(di Guido Cancellieri) Le preferenze sono un modo per riavvicinare la politica ai cittadini. Giorgia Meloni l’ha capito. E ieri, in Senato, rispondendo ad un’interrogazione, ha dichiarato di essere favorevole a re-introdurre le preferenze alle elezioni politiche

Le ultime nelle quali l’elettore aveva avuto la possibilità di scegliere il candidato sono state le politiche del 1992. Poi con il Mattarellum” la legge elettorale semi-maggioritaria vennero abolite. Da allora non sono più state ripristinate e gli eletti di fatto sono decisi dalle segreterie dei partiti che li scelgono secondo criteri diversi da quelli che userebbero gli elettori.

La Meloni vuole le preferenze.
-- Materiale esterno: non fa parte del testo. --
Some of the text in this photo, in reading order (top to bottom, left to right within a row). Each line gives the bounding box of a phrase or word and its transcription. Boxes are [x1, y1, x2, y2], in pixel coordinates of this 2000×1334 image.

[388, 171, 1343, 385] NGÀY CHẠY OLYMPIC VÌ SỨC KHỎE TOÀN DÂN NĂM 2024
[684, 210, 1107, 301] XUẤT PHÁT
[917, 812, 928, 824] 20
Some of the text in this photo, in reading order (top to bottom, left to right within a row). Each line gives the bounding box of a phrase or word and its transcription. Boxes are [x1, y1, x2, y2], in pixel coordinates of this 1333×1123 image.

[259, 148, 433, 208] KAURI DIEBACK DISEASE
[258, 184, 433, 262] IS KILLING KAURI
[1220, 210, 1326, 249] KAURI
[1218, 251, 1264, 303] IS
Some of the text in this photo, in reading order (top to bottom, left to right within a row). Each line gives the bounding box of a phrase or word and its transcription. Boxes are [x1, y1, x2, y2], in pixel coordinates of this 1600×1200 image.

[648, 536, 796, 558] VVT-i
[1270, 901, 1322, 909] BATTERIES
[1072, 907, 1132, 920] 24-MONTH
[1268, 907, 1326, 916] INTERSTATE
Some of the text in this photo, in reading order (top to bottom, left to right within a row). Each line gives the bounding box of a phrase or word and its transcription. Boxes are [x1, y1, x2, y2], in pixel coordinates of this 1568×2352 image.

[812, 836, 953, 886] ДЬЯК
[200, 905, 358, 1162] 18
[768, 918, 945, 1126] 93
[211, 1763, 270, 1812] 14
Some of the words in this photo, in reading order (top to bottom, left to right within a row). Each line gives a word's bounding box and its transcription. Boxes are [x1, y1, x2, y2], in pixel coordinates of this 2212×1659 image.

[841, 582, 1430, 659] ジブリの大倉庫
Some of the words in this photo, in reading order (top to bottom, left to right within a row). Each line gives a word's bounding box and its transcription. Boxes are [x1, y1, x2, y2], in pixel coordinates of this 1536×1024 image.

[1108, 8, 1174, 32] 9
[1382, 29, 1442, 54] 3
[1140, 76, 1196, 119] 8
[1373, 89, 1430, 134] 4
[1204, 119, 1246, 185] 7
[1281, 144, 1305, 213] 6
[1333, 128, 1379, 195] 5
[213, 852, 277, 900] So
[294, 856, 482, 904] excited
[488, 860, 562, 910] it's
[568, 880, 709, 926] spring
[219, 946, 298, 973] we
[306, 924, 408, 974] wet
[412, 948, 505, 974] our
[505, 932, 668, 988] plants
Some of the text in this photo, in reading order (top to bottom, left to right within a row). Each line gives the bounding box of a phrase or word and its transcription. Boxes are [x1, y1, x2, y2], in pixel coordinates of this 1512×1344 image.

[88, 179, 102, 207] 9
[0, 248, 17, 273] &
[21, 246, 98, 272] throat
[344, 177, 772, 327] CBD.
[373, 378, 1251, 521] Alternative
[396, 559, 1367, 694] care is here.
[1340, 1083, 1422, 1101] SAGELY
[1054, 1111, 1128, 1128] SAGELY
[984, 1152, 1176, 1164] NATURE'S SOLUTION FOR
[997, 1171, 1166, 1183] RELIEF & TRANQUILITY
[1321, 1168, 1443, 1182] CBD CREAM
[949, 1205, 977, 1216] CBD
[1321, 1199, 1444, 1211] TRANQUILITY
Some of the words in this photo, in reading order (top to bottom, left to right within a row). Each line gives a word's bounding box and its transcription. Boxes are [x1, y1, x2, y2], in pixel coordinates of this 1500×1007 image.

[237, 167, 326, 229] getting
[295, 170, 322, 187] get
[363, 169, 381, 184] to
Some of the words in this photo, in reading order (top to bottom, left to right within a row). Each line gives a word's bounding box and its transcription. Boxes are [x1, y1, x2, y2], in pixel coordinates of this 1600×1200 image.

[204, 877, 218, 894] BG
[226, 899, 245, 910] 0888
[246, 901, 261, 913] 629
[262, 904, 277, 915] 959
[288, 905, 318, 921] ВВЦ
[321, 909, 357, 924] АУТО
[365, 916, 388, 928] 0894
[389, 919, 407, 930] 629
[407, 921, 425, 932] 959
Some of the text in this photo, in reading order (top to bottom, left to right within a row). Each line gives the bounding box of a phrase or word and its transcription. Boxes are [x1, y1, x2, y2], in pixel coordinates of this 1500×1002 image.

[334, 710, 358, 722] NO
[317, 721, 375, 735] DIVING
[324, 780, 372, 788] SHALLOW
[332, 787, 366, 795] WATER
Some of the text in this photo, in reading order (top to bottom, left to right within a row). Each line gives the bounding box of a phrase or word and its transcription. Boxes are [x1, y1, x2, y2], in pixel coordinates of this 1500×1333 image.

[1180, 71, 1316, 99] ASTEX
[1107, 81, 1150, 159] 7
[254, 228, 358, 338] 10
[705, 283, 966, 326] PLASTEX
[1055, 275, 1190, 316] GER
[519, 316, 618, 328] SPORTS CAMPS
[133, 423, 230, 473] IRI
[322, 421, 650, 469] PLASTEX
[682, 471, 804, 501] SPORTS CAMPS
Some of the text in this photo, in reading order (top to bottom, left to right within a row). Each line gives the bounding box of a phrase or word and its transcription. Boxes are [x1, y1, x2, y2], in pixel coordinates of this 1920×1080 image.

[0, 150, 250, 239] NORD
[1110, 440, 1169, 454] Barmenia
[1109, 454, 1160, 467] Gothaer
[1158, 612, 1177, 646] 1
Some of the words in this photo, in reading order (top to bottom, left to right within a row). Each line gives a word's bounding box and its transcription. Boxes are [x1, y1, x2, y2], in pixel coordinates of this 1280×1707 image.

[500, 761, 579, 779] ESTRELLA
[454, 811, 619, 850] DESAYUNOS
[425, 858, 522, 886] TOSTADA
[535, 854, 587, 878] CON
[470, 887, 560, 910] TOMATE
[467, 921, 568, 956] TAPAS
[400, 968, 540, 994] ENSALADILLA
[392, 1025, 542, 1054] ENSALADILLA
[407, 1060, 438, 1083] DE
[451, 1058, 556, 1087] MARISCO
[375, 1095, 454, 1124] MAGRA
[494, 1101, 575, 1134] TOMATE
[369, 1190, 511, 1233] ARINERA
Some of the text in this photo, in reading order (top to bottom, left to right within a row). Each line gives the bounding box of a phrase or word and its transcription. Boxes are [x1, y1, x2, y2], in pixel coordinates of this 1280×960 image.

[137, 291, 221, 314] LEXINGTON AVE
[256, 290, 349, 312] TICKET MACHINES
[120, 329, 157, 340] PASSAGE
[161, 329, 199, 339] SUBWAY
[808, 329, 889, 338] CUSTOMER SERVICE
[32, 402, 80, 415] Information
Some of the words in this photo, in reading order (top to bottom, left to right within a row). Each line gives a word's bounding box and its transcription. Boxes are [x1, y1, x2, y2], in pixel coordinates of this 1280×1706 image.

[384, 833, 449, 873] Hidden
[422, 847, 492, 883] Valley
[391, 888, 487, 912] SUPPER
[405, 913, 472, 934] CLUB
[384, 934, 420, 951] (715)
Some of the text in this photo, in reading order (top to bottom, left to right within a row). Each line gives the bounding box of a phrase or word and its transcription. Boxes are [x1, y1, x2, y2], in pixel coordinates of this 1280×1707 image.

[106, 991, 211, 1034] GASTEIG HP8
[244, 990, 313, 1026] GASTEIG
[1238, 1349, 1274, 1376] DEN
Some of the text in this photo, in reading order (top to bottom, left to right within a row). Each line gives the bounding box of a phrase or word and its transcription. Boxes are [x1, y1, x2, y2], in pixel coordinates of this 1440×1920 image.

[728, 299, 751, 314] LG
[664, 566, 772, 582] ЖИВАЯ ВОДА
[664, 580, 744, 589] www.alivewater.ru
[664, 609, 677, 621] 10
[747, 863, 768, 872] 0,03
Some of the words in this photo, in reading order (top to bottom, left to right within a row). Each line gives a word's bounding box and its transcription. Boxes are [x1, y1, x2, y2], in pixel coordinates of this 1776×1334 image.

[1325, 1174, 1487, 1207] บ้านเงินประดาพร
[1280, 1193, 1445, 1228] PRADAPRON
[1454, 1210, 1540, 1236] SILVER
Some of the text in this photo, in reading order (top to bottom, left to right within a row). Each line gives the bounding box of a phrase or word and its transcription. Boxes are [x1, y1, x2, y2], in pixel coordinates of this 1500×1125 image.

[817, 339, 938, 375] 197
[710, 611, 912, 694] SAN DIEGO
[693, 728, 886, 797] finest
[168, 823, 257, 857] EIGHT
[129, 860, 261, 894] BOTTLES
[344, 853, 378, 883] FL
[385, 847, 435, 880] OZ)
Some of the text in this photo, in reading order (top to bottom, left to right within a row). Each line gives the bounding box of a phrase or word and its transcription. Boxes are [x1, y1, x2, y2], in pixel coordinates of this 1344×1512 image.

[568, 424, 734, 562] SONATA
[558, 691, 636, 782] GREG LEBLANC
Ce la farà?

L’abolizione del voto di preferenza, con il quale il cittadino poteva scegliere chi votare nella lista di candidati di questo o quel partito, ha avuto l’effetto di allontanare gli italiani dalla politica, aumentando l’astensionismo. In più, cosa ancora più grave, ha svuotato di una quota importante di rappresentatività il Parlamento.

Senza le preferenze meno democrazia

Il combinato disposto della mancanza delle preferenze e della deriva leaderistica dei partiti, svuotati della partecipazione democratica, hanno prodotto un drastico calo del tasso di democrazia nel nostro paese. 

E’ vero che le preferenze sono rimaste in tutte le altre consultazioni -comunali, regionali ed europee- ma impedire ai cittadini di scegliere chi inviare al massimo livello della rappresentanza politica ha rappresentato, oltre che un errore, un vulnus alla democrazia.

La Meloni ha detto che vuole le preferenze. Brava. Ha fatto una mossa giusta e intelligente. Ma soprattutto si è messa dalla parte dei cittadini. Cosa non da poco in un periodo nel quale il solco tra il Palazzo e la gente è sempre più profondo e si manifesta con la metà degli elettori che non va più a votare.

La sua mossa non sarà gradita però a due categorie. A quei cerchi magici che hanno interesse a mantenere, con la status quo, tutto il potere dei partiti nelle loro mani e a quei parlamentari,  miracolati della politica, che si sono ritrovati a Roma senza arte né parte, magari per una raccomandazione, o semplicemente perché non in grado di disturbare il manovratore.